Le nœud reste lâche, jamais serré sur le bois.

Le bon moment, ni trop tôt ni trop tard

Poser le voile n'importe quand ne sert à rien. Il existe une fenêtre précise, celle de la véraison, ce moment où le grain change de couleur et commence à se charger en sucre. Pour le raisin, l'ensachage se pratique juste après la véraison, lorsque les grains ont atteint la taille d'un pois et commencent à se colorer.

Trop tôt, le voile gêne encore la croissance du grain qui n'a pas fini de grossir. Trop tard, la grappe a déjà reçu sa première piqûre et le mal est fait : un fruit entamé au moment de la pose ne se rattrape pas, le bas ne fait que retarder la curée.
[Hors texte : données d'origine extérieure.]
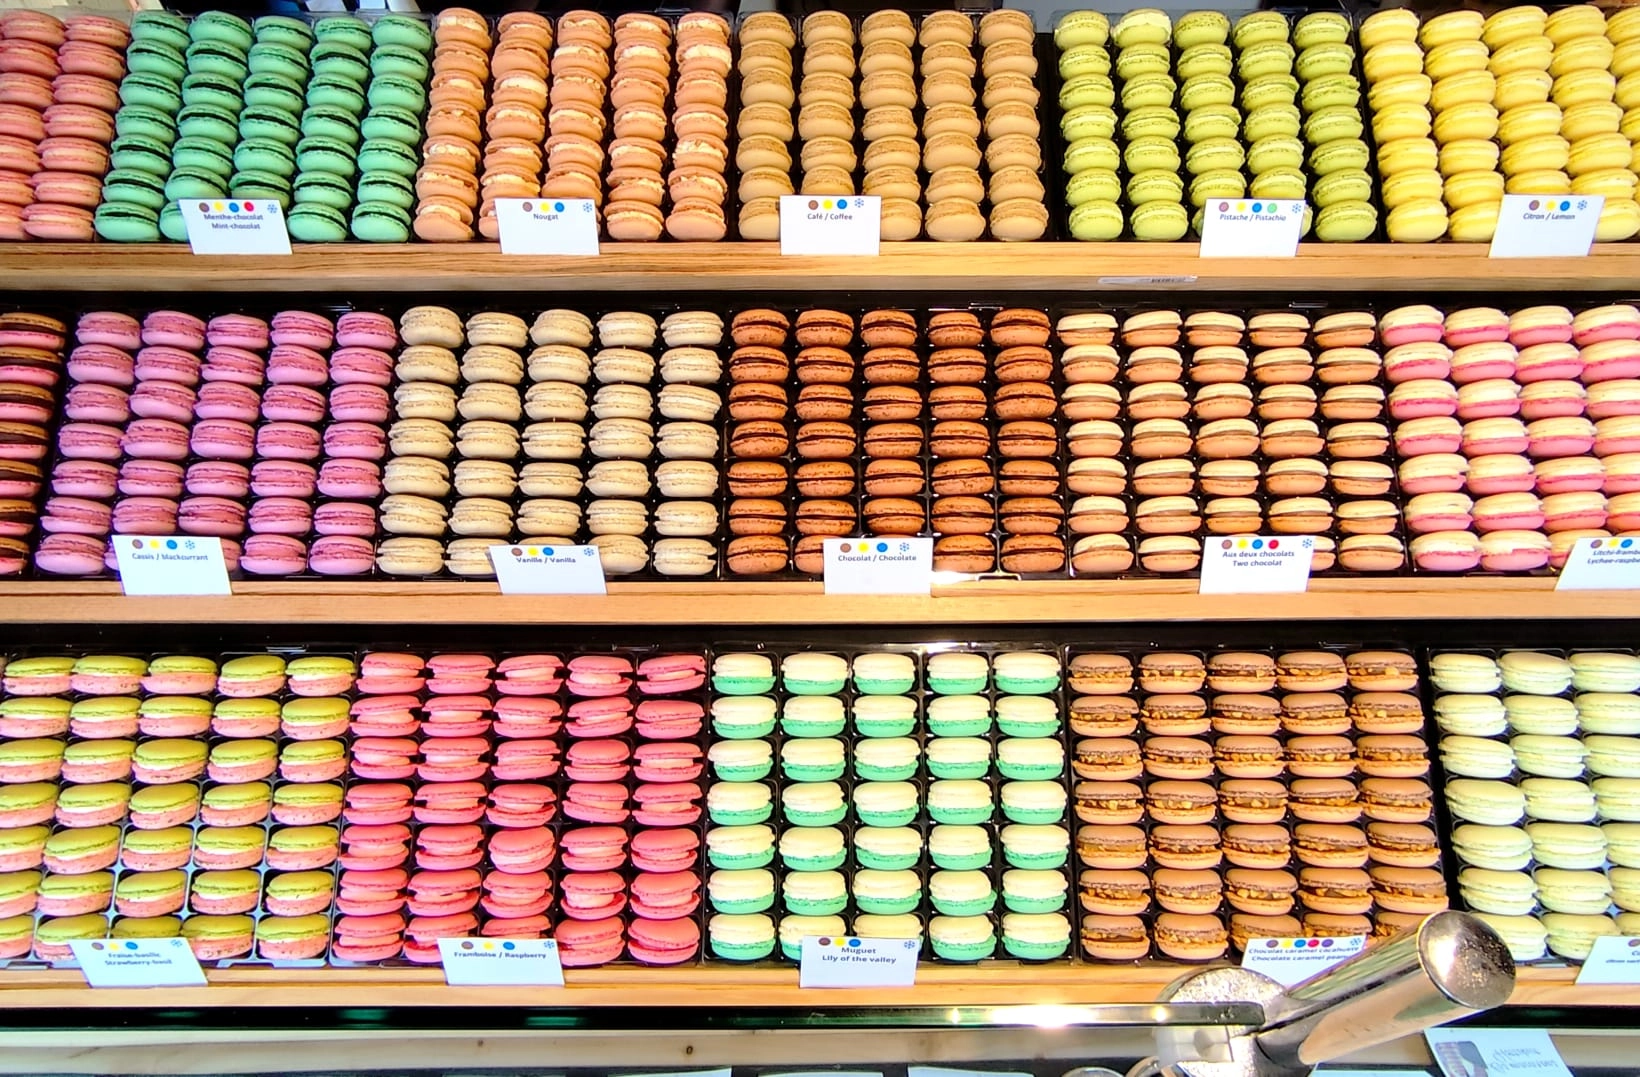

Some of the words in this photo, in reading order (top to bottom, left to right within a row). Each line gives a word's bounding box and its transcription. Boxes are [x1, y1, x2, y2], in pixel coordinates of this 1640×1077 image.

[533, 213, 559, 221] Nougat
[1219, 213, 1248, 221] Pistache
[838, 554, 871, 562] Chocolat
[841, 947, 877, 955] Muguet
[505, 952, 547, 960] Raspberry
[869, 956, 897, 964] valley
Le moment idéal correspond au changement de couleur des fruits qui deviennent sucrés et attirent les insectes, car une installation trop précoce gênerait la croissance des grains tandis qu'une pose trop tardive ne protégerait pas contre les premières attaques. C'est une fenêtre de quelques jours qu'il faut surveiller de près, grappe par grappe.

Cette logique de calendrier n'a rien d'un caprice de jardinier méticuleux. Dans les zones à risque, une lutte préventive avec des filets à mailles fines offre une bonne protection contre les insectes piqueurs, précisément parce qu'elle intervient avant que le fruit ne présente la moindre ouverture.
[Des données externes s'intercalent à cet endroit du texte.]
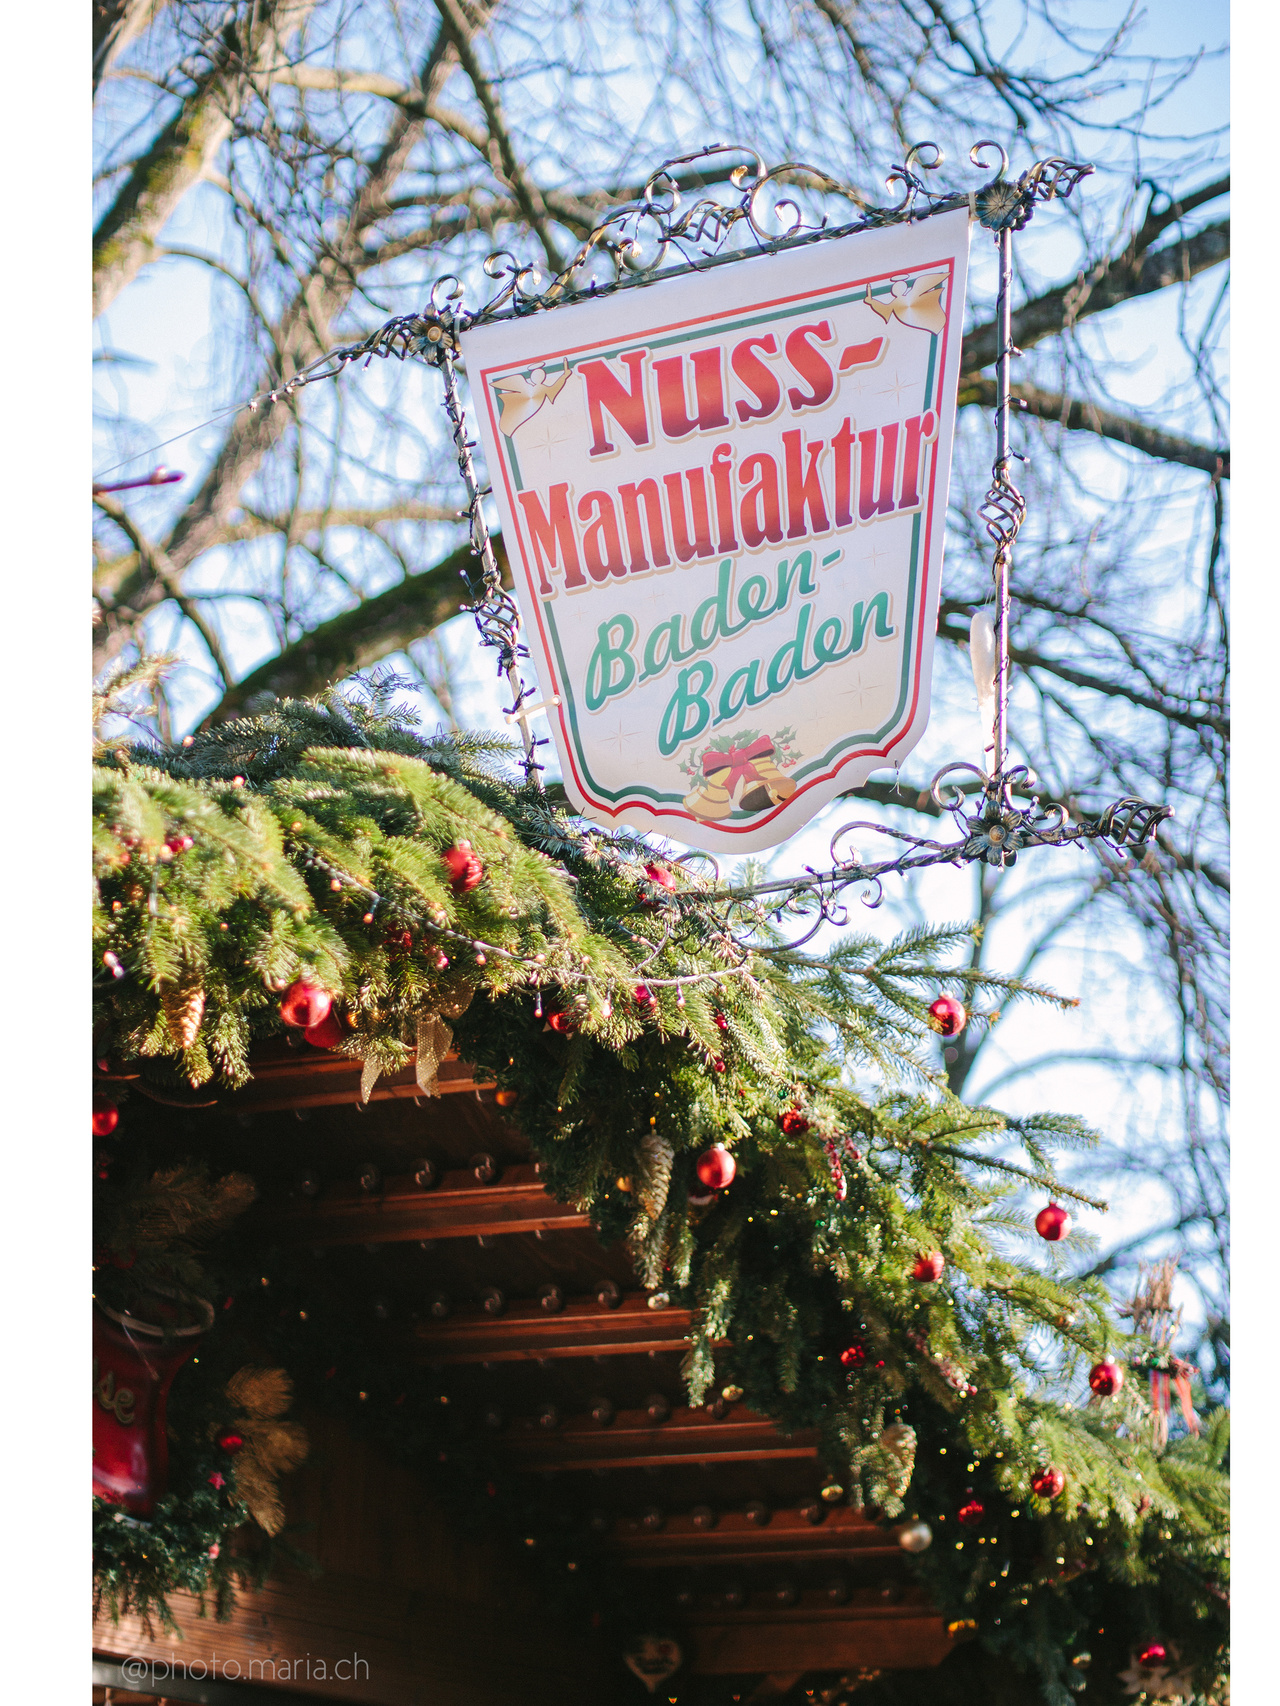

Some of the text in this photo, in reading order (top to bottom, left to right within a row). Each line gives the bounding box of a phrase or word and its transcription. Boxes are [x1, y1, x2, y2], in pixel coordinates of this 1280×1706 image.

Les deux erreurs qui ruinent tout

La première erreur consiste à laver le bas entre deux usages, en pensant bien faire. Les résidus de lessive parfumée qui restent piégés dans la maille attirent parfois plus d'insectes qu'ils n'en repoussent, et l'élasticité du nylon s'en trouve abîmée.

La seconde erreur, plus insidieuse, c'est de garder le même bas d'une saison sur l'autre. Les mailles se distendent avec la chaleur et les intempéries, des micro-trous apparaissent là où on ne les voit pas, et une guêpe n'a besoin que d'un passage minuscule pour se faufiler jusqu'au grain.

Pour les figues, qui mûrissent en même temps sur la même terrasse, mon voisin préfère une petite pochette d'organza plutôt que le collant. Le tissu, plus rigide, épouse moins bien la forme allongée de la grappe de raisin mais tient parfaitement autour du fruit rond de la figue, avec le même principe de maille respirante.

Cette astuce reste taillée pour le jardin, pas pour le vignoble. Sur une treille de particulier, quelques dizaines de grappes se protègent en une soirée avec une boîte de vieux collants. À l'échelle d'une parcelle de vigne, personne n'enfile des bas un par un, et les viticulteurs comptent sur d'autres méthodes de protection préventive contre ces mêmes insectes.